Abstract
The struggle for racial or ethnic group worth is an important socio-political issue in societies where a minority ethnic group, like the English-speaking whites in South Africa or the Chinese in
Malaysia, dominates the economy but not the political system.
There are two routes to the empowerment of an economically backward group. In the Afrikaner
case, economic mobilisation formed part of a general ethnic mobilisation. While the Afrikaner controlled state after 1948 massively aided all whites, Afrikaner business increased its market share through serving a niche market. It received little ethnic patronage from the state or assistance from English corporations. A quite different from of advancement is that driven by the state, which imposes on large corporations the obligation to promote the economic empowerment of a racial group. While the first form facilitated the rise of the ethnic group as a whole, the latter one benefited mainly a business and middle class elite that may remain dependent on continuing state support.
JEL Classification: N17, N37, N97
Keywords: Afrikaner business, entrepreneurship, economic empowerment
Asked just before his death whether he knew of any cases of an Afrikaans business being empowered by an English corporation, the entrepreneur Anton Rupert replied: “I cannot think of any, and I am very grateful for that.”1 Fred du Plessis, executive chairman of Sanlam, the corporation that once dominated Afrikaans business, denied that political power helped Afrikaans business to succeed. “The Afrikaner can look back not because he was privileged to receive state grants, but because he was capable of putting himself forward and fighting for his economic position” (Cape Times, 8 July 1986). An academic study of the Afrikaner economic advance paints a completely different picture. It attributes the Afrikaner’s strong economic upsurge after 1948 mainly to the decision of the agglomerate Anglo American Corporation to sell a mining house under its control “at a fraction of its value” to a subsidiary of an Afrikaans insurance company (O’Meara, 1996:120, 141). A recent history of the political economy stated that the National Party government gave “massive handouts” to Afrikaner farmers, financial capitalists, small traders and workers (Fine et al., 1996:148). Neither the business leaders nor the academics substantiated their claims.

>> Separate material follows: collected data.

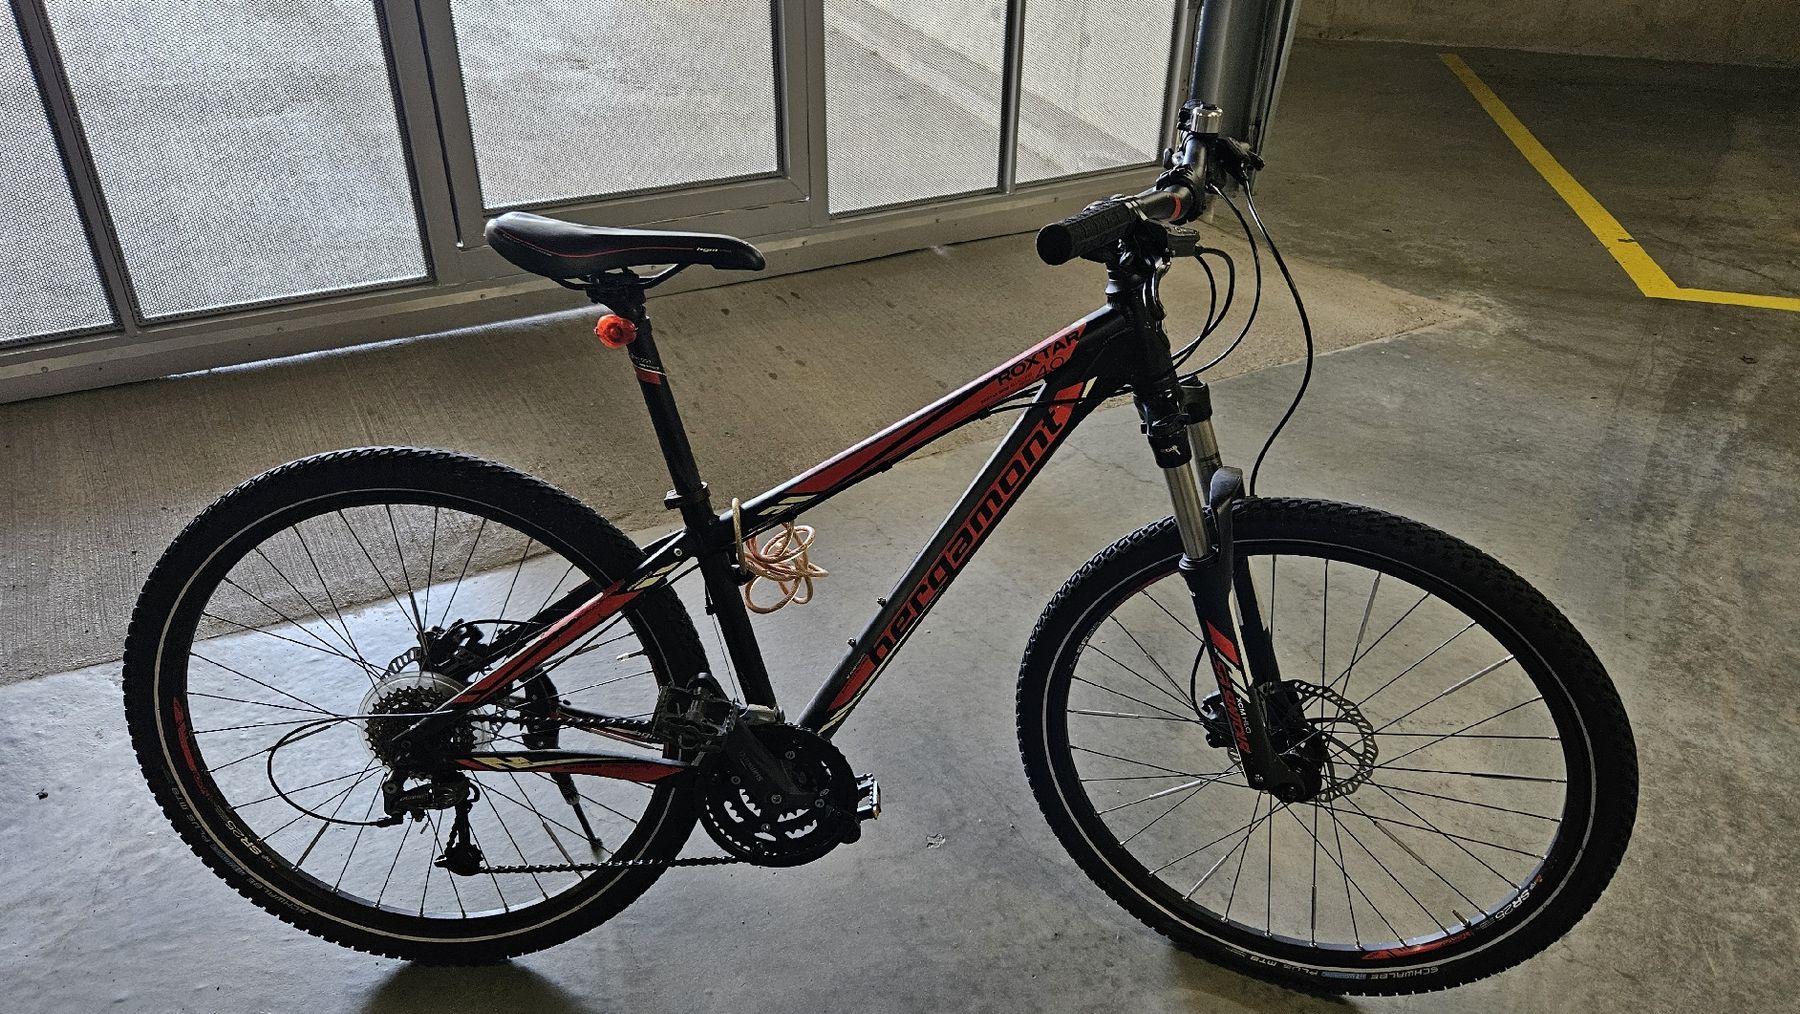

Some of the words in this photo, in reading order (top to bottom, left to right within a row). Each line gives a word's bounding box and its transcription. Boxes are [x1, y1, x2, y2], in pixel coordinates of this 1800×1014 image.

[997, 329, 1080, 386] ROXTAR
[865, 408, 1063, 667] bergamont
[225, 819, 262, 855] SR25
[1494, 891, 1530, 922] SR25
[1371, 966, 1440, 981] SCHWALBE
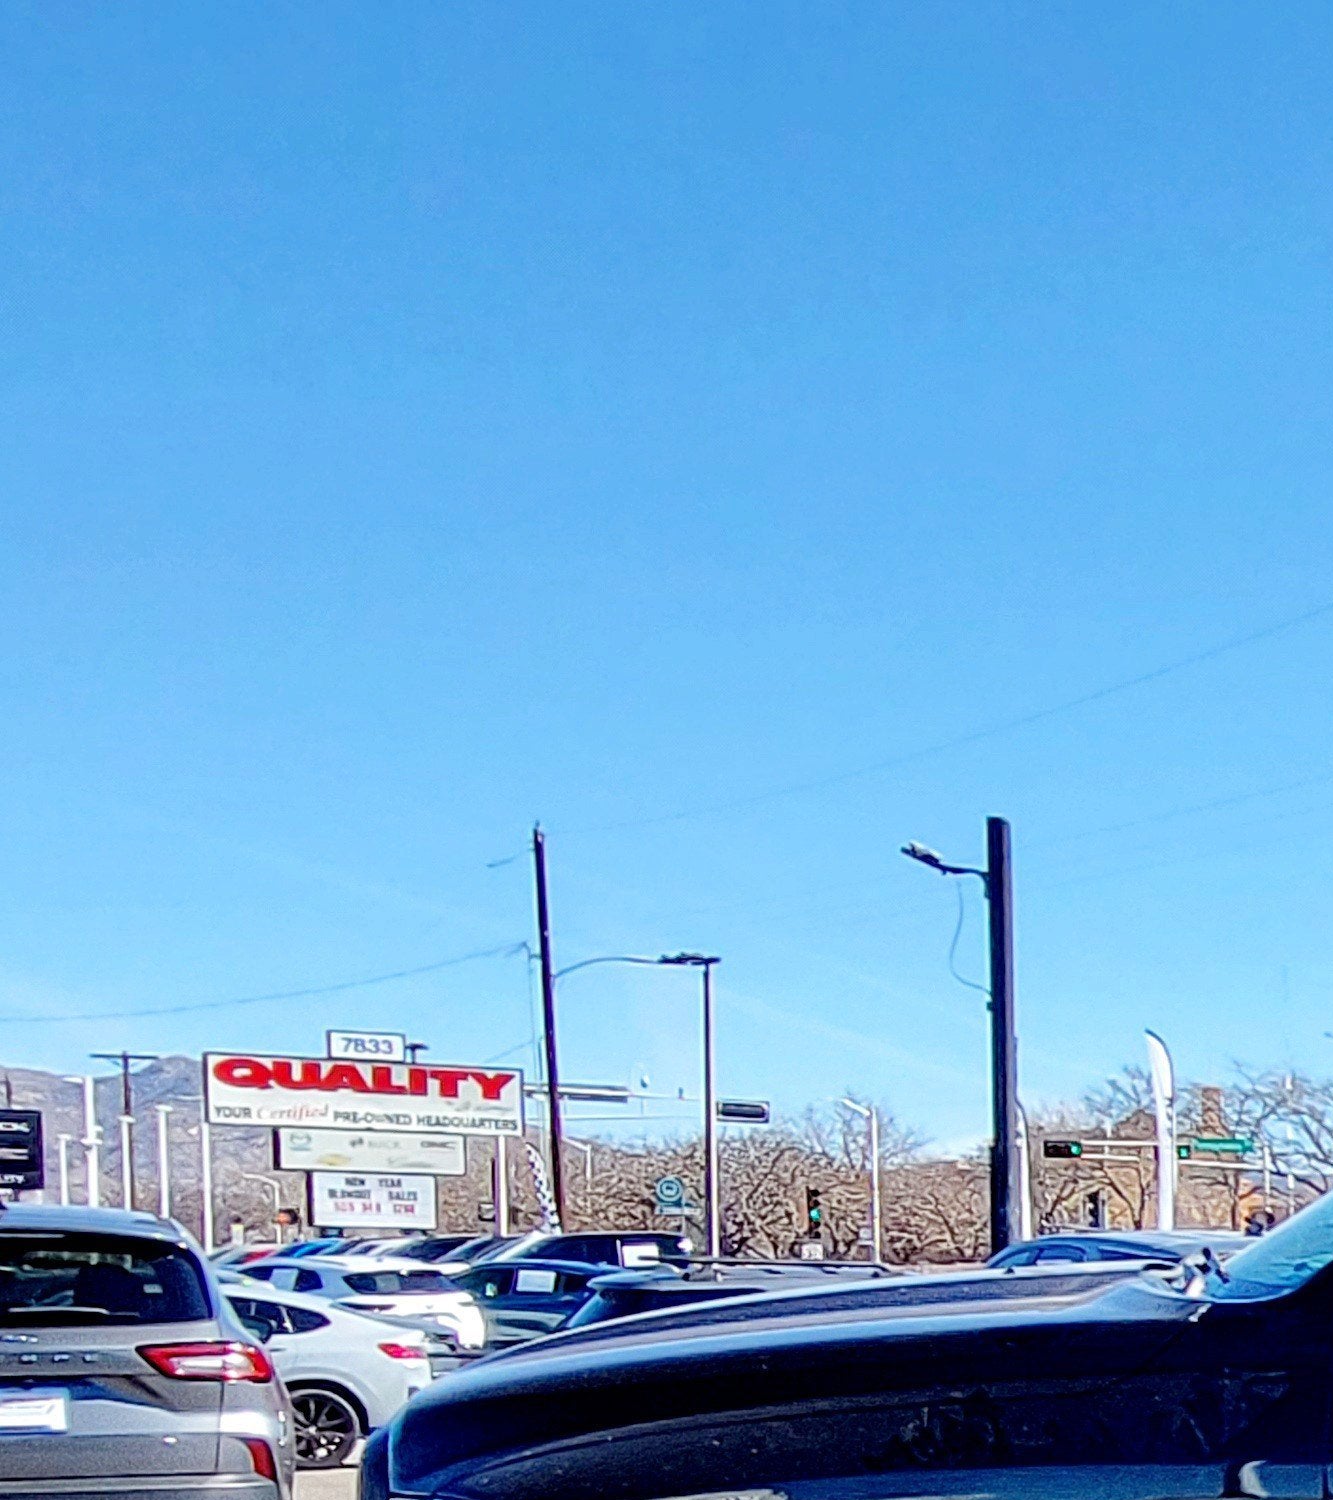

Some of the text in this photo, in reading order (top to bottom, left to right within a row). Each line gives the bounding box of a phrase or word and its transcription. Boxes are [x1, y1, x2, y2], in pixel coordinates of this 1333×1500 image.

[340, 1036, 394, 1055] 7833
[212, 1057, 517, 1101] QUALITY
[213, 1103, 519, 1132] YOUR Certified PRE-OWNED HEADQUARTERS

This article is not concerned with the massive preferential treatment that whites received from government for most of the twentieth century as part of a policy, endorsed by virtually all whites, to establish a secure white dominant group. State aid specifically to Afrikaner-dominated commercial agriculture is left out of consideration, although farmers provided much of the capital for some of the Afrikaans businesses discussed here.
Instead the article concentrates on the ethnic nature of Afrikaner entrepreneurship and on the question whether English corporations or the state tried to assist Afrikaner corporations. While English speakers were a minority within the white minority and largely excluded from political power, in 1910 they dominated the economy, the bureaucracy and the professions.